(WHAT NEEDS TO BE DONE):
From the first line to the last, output the material exactly.
START DATA SECTION
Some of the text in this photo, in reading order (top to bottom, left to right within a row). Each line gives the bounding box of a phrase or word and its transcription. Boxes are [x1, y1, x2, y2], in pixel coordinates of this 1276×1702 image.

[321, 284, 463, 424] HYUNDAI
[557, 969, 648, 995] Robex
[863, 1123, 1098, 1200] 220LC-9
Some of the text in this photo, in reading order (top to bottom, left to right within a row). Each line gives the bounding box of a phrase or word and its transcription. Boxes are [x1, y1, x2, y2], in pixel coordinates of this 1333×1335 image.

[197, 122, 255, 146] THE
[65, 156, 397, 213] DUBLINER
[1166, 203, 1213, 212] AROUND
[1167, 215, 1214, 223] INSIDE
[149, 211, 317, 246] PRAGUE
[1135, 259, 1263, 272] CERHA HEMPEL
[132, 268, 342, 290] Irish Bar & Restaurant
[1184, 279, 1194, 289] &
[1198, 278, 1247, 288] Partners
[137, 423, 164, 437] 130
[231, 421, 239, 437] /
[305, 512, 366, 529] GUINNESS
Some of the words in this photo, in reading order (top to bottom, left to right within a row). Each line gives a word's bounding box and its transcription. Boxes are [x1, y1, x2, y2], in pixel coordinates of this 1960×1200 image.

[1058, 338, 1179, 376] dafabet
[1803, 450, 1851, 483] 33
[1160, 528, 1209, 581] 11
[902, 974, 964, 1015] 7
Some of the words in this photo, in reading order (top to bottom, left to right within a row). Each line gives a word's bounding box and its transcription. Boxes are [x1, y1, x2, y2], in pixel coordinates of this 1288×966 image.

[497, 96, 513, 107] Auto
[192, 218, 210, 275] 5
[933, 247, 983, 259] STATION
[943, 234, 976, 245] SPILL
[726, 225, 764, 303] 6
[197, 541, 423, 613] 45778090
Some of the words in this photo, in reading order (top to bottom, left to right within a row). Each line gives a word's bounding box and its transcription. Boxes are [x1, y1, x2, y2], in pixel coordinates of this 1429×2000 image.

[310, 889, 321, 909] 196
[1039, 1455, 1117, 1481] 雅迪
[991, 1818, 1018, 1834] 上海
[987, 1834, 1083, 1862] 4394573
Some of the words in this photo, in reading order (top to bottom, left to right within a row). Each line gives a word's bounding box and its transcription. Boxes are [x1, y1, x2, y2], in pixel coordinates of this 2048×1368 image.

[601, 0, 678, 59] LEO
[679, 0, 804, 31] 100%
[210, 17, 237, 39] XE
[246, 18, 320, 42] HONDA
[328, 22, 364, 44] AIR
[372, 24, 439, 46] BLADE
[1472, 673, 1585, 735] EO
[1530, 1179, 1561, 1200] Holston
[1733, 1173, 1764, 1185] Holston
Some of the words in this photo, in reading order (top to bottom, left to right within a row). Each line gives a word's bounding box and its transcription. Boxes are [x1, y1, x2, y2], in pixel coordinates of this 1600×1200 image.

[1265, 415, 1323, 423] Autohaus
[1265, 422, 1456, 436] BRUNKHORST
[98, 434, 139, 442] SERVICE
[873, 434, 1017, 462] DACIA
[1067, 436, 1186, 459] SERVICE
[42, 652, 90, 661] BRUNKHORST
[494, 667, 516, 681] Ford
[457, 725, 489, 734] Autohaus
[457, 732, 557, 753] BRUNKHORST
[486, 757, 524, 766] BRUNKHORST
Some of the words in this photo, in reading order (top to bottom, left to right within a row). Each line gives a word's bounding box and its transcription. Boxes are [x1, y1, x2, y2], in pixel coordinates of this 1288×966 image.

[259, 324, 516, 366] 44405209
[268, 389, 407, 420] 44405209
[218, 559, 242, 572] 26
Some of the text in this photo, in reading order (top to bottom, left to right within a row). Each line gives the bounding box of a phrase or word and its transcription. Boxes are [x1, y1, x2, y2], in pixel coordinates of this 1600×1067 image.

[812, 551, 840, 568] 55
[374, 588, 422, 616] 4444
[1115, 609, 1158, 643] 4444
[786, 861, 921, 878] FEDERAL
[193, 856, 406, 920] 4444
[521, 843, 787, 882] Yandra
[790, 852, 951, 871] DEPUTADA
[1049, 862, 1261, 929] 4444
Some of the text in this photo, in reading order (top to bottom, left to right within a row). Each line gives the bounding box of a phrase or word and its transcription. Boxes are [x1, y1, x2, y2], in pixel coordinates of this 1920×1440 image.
END DATA SECTION
(RESULT FOR THIS EXERCISE):
Some of the text in this photo, in reading order (top to bottom, left to right within a row). Each line gives the bounding box of a phrase or word and its transcription. Boxes are [x1, y1, x2, y2], in pixel coordinates of this 1276×1702 image.

[321, 284, 463, 424] HYUNDAI
[557, 969, 648, 995] Robex
[863, 1123, 1098, 1200] 220LC-9
Some of the text in this photo, in reading order (top to bottom, left to right within a row). Each line gives the bounding box of a phrase or word and its transcription. Boxes are [x1, y1, x2, y2], in pixel coordinates of this 1333×1335 image.

[197, 122, 255, 146] THE
[65, 156, 397, 213] DUBLINER
[1166, 203, 1213, 212] AROUND
[1167, 215, 1214, 223] INSIDE
[149, 211, 317, 246] PRAGUE
[1135, 259, 1263, 272] CERHA HEMPEL
[132, 268, 342, 290] Irish Bar & Restaurant
[1184, 279, 1194, 289] &
[1198, 278, 1247, 288] Partners
[137, 423, 164, 437] 130
[231, 421, 239, 437] /
[305, 512, 366, 529] GUINNESS
Some of the words in this photo, in reading order (top to bottom, left to right within a row). Each line gives a word's bounding box and its transcription. Boxes are [x1, y1, x2, y2], in pixel coordinates of this 1960×1200 image.

[1058, 338, 1179, 376] dafabet
[1803, 450, 1851, 483] 33
[1160, 528, 1209, 581] 11
[902, 974, 964, 1015] 7
Some of the words in this photo, in reading order (top to bottom, left to right within a row). Each line gives a word's bounding box and its transcription. Boxes are [x1, y1, x2, y2], in pixel coordinates of this 1288×966 image.

[497, 96, 513, 107] Auto
[192, 218, 210, 275] 5
[933, 247, 983, 259] STATION
[943, 234, 976, 245] SPILL
[726, 225, 764, 303] 6
[197, 541, 423, 613] 45778090
Some of the words in this photo, in reading order (top to bottom, left to right within a row). Each line gives a word's bounding box and its transcription. Boxes are [x1, y1, x2, y2], in pixel coordinates of this 1429×2000 image.

[310, 889, 321, 909] 196
[1039, 1455, 1117, 1481] 雅迪
[991, 1818, 1018, 1834] 上海
[987, 1834, 1083, 1862] 4394573
Some of the words in this photo, in reading order (top to bottom, left to right within a row). Each line gives a word's bounding box and its transcription. Boxes are [x1, y1, x2, y2], in pixel coordinates of this 2048×1368 image.

[601, 0, 678, 59] LEO
[679, 0, 804, 31] 100%
[210, 17, 237, 39] XE
[246, 18, 320, 42] HONDA
[328, 22, 364, 44] AIR
[372, 24, 439, 46] BLADE
[1472, 673, 1585, 735] EO
[1530, 1179, 1561, 1200] Holston
[1733, 1173, 1764, 1185] Holston
Some of the words in this photo, in reading order (top to bottom, left to right within a row). Each line gives a word's bounding box and its transcription. Boxes are [x1, y1, x2, y2], in pixel coordinates of this 1600×1200 image.

[1265, 415, 1323, 423] Autohaus
[1265, 422, 1456, 436] BRUNKHORST
[98, 434, 139, 442] SERVICE
[873, 434, 1017, 462] DACIA
[1067, 436, 1186, 459] SERVICE
[42, 652, 90, 661] BRUNKHORST
[494, 667, 516, 681] Ford
[457, 725, 489, 734] Autohaus
[457, 732, 557, 753] BRUNKHORST
[486, 757, 524, 766] BRUNKHORST
Some of the words in this photo, in reading order (top to bottom, left to right within a row). Each line gives a word's bounding box and its transcription. Boxes are [x1, y1, x2, y2], in pixel coordinates of this 1288×966 image.

[259, 324, 516, 366] 44405209
[268, 389, 407, 420] 44405209
[218, 559, 242, 572] 26
Some of the text in this photo, in reading order (top to bottom, left to right within a row). Each line gives the bounding box of a phrase or word and its transcription. Boxes are [x1, y1, x2, y2], in pixel coordinates of this 1600×1067 image.

[812, 551, 840, 568] 55
[374, 588, 422, 616] 4444
[1115, 609, 1158, 643] 4444
[786, 861, 921, 878] FEDERAL
[193, 856, 406, 920] 4444
[521, 843, 787, 882] Yandra
[790, 852, 951, 871] DEPUTADA
[1049, 862, 1261, 929] 4444
Some of the text in this photo, in reading order (top to bottom, left to right within a row). Each line gives the bounding box of a phrase or word and its transcription. Boxes are [x1, y1, x2, y2], in pixel coordinates of this 1920×1440 image.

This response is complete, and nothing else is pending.